In triangle ABC p,q,r such that they lie interior of triang ABC and AP=AR and all the three sides of triangle PQR are scalan if area of triangle PQR is 100 then find area of triangle ABC
Is your school subject the name of your school, or is it geometry?
To find the area of triangle ABC, we need to use the fact that the ratio of the areas of two similar triangles is equal to the square of the ratio of their corresponding side lengths.
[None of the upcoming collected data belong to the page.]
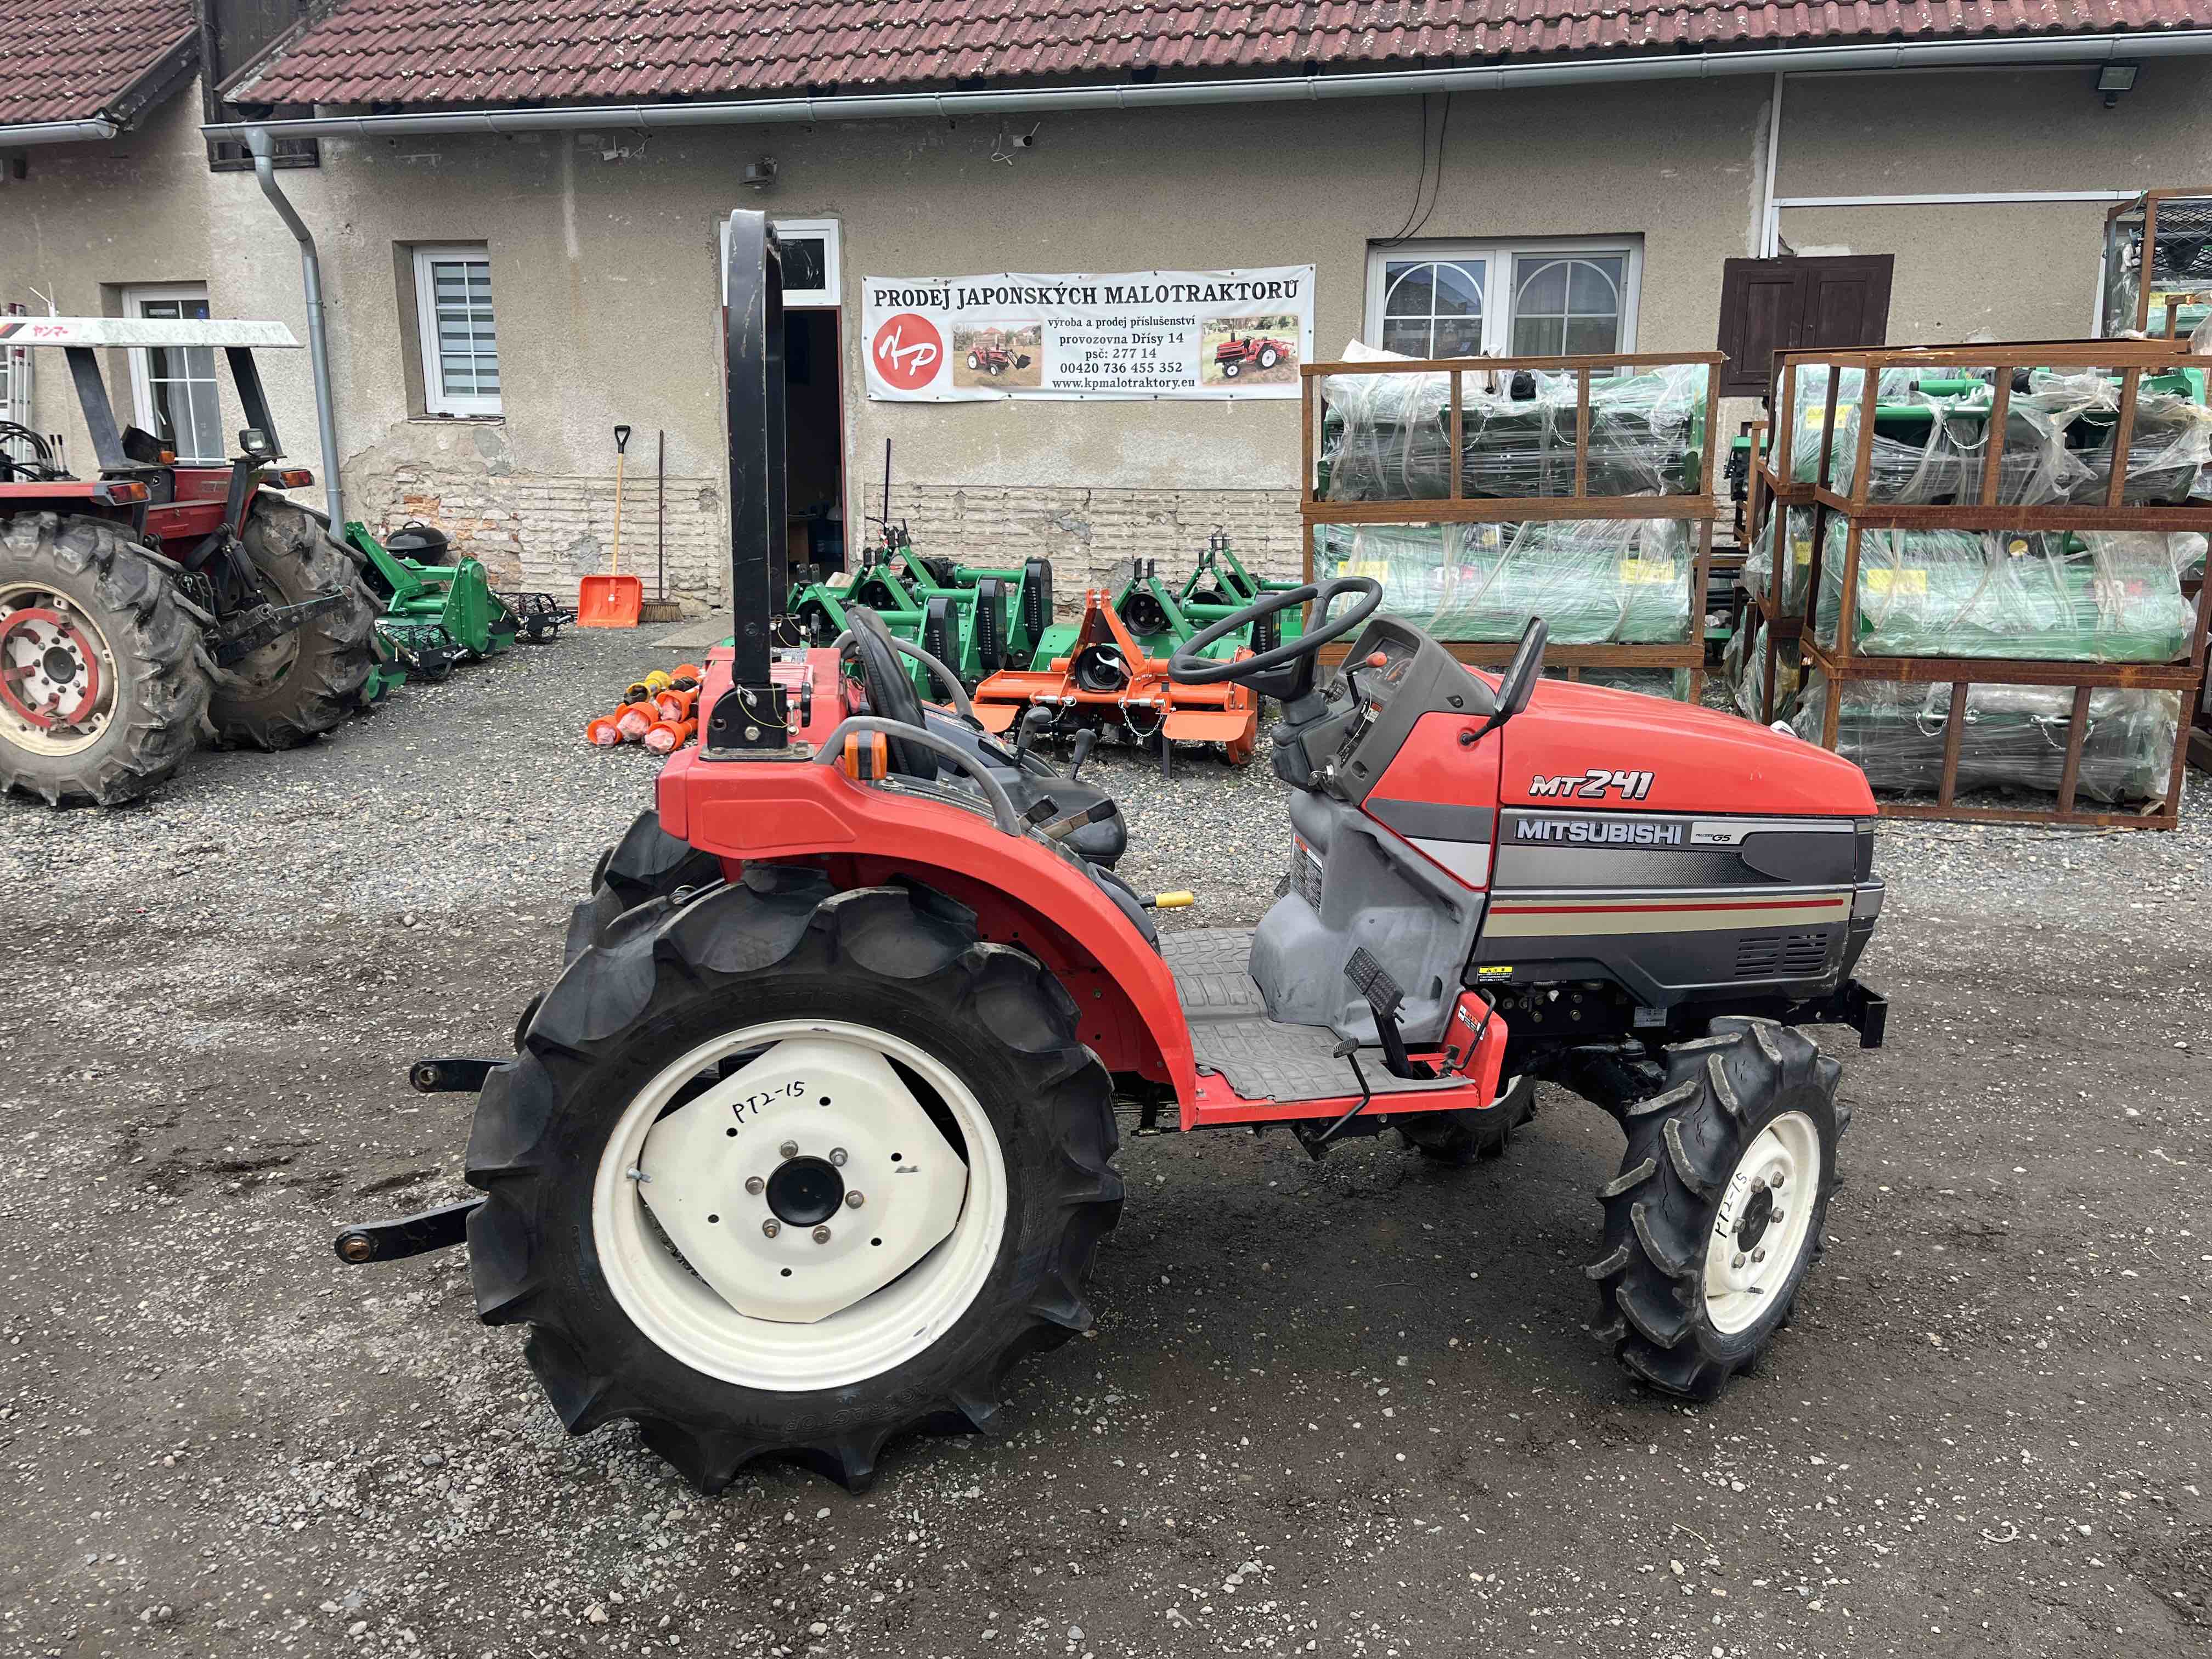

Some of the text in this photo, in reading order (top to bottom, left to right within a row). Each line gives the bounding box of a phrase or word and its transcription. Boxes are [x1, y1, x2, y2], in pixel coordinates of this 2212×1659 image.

[873, 279, 1300, 310] PRODEJ JAPONSKÝCH MALOTRAKTORŮ
[1048, 317, 1083, 329] výroba
[1096, 317, 1127, 329] prodej
[1131, 315, 1195, 328] příslušenství
[33, 325, 69, 337] ヤンマー
[1059, 332, 1184, 347] provozovna Dřísy 14
[1085, 348, 1157, 361] psč: 277 14
[1060, 362, 1183, 374] 00420 736 455 352
[1052, 377, 1195, 390] www.kpmalotraktory.eu
[1528, 769, 1655, 800] MT241
[1515, 819, 1684, 845] MITSUBISHI
[732, 1081, 805, 1123] PT2-15
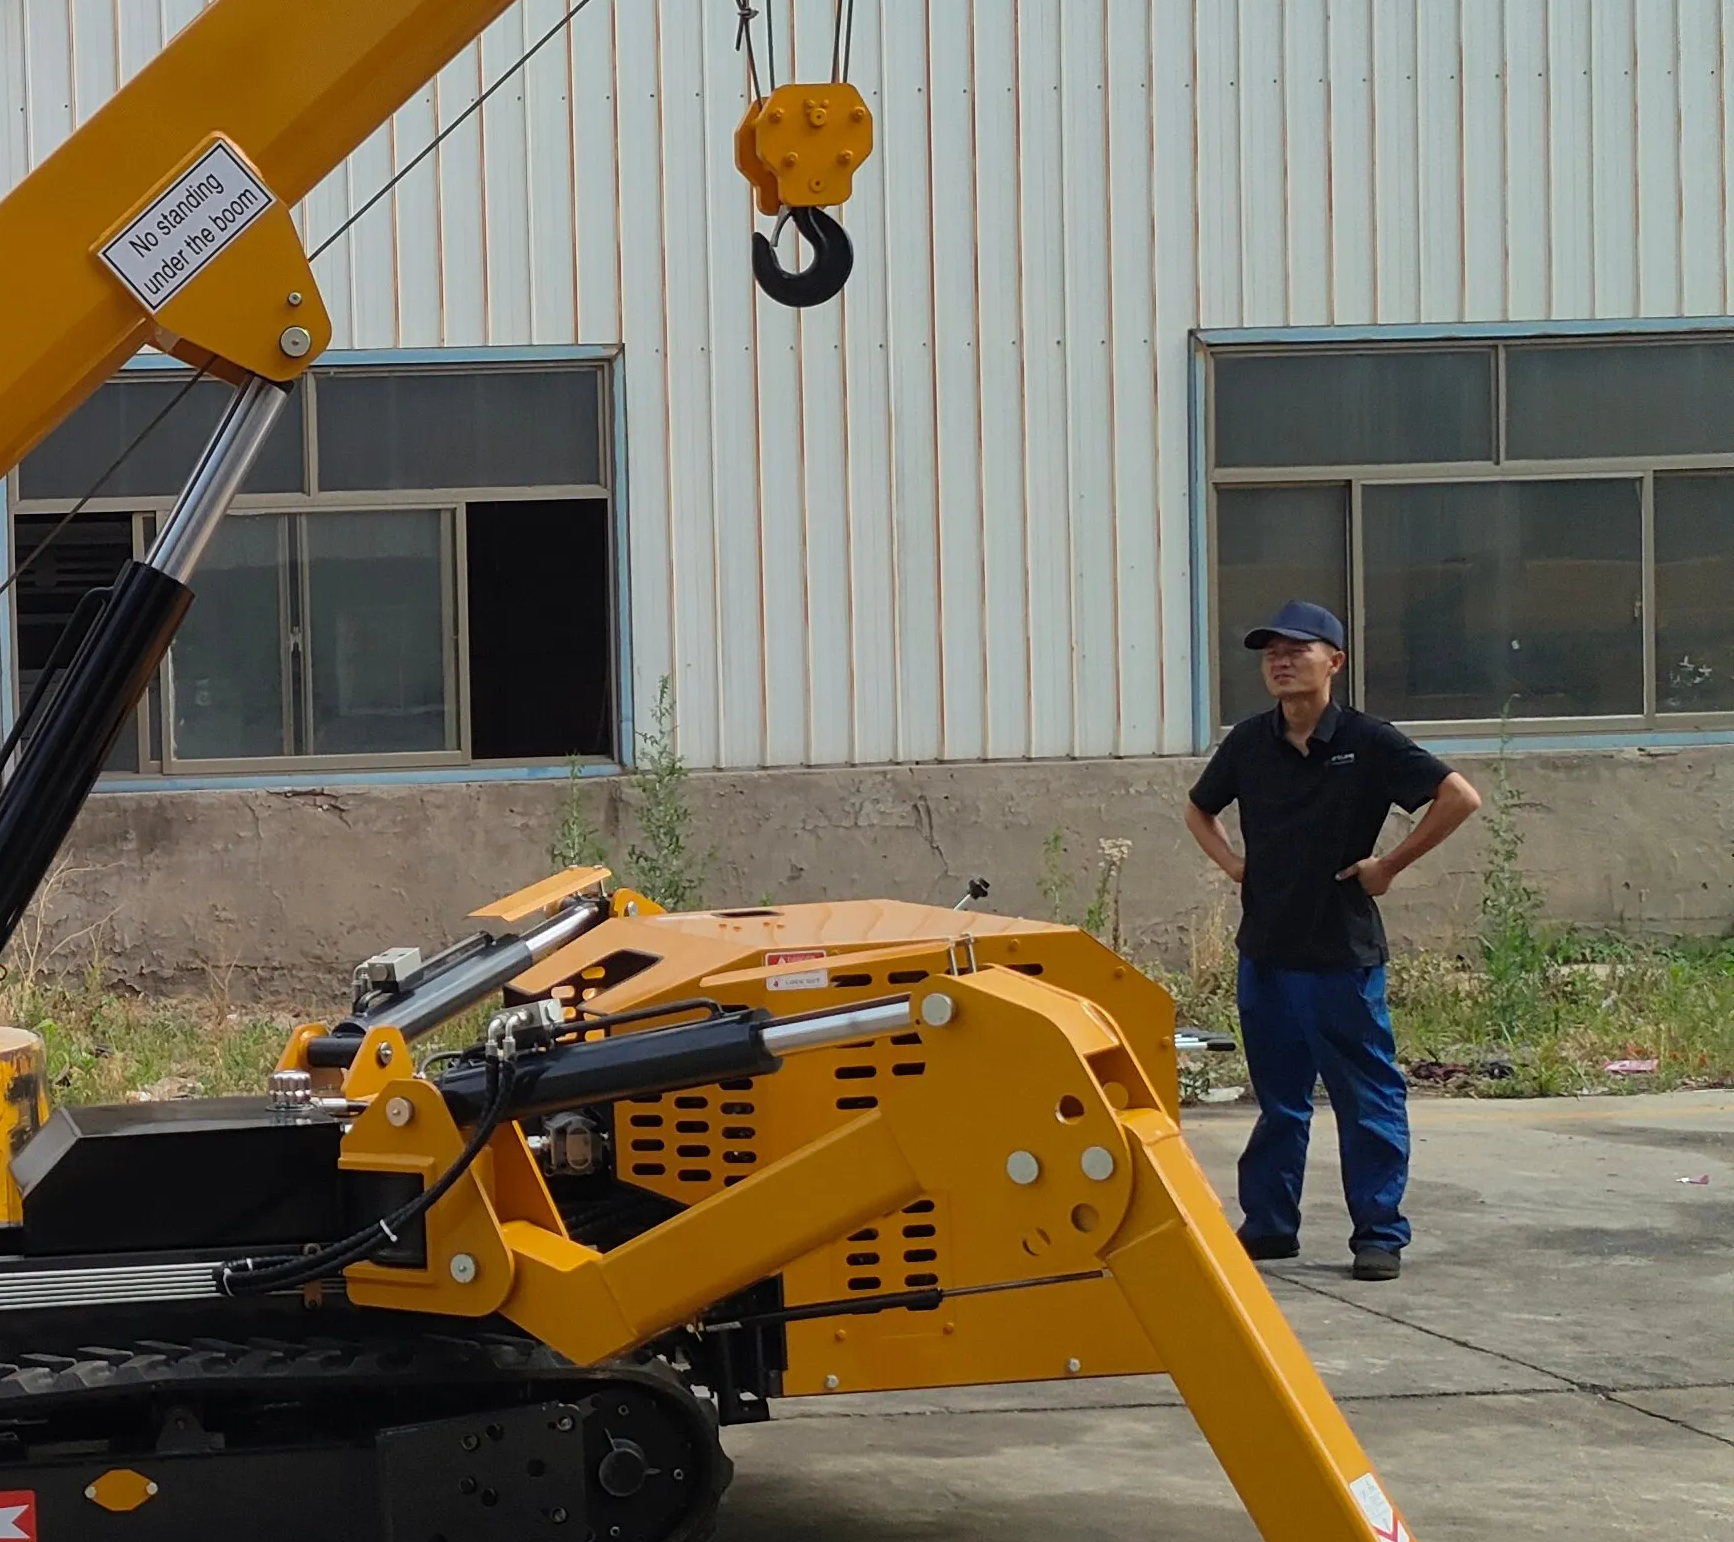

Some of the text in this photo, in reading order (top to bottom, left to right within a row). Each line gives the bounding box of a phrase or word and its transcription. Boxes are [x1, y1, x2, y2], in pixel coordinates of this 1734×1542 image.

Given that PQR is a scalene triangle with an area of 100, we can use this information to find the area of triangle ABC.
Let's first identify the corresponding side lengths of triangles ABC and PQR. Since AP = AR, triangle PQR is similar to triangle ABC, and the ratio of their corresponding side lengths is:
PQ / AC = QR / BC = PR / AB.
Since all the three sides of triangle PQR are scalene, this means that the ratio of the corresponding side lengths is different for each pair of sides. Let's call these ratios a, b, and c:
PQ / AC = a,
QR / BC = b,
PR / AB = c.
Now, we can use the information about the area of triangle PQR to set up an equation:
(area of triangle PQR) / (area of triangle ABC) = (PQ / AC)^2 = a^2.
Since the given area of triangle PQR is 100, we can write:
100 / (area of triangle ABC) = a^2.
To find the area of triangle ABC, we need to find the value of a.
Unfortunately, the information provided is not sufficient to determine the value of a or the area of triangle ABC. We would need additional information about the relationship between the side lengths of triangles ABC and PQR in order to solve for the area of triangle ABC.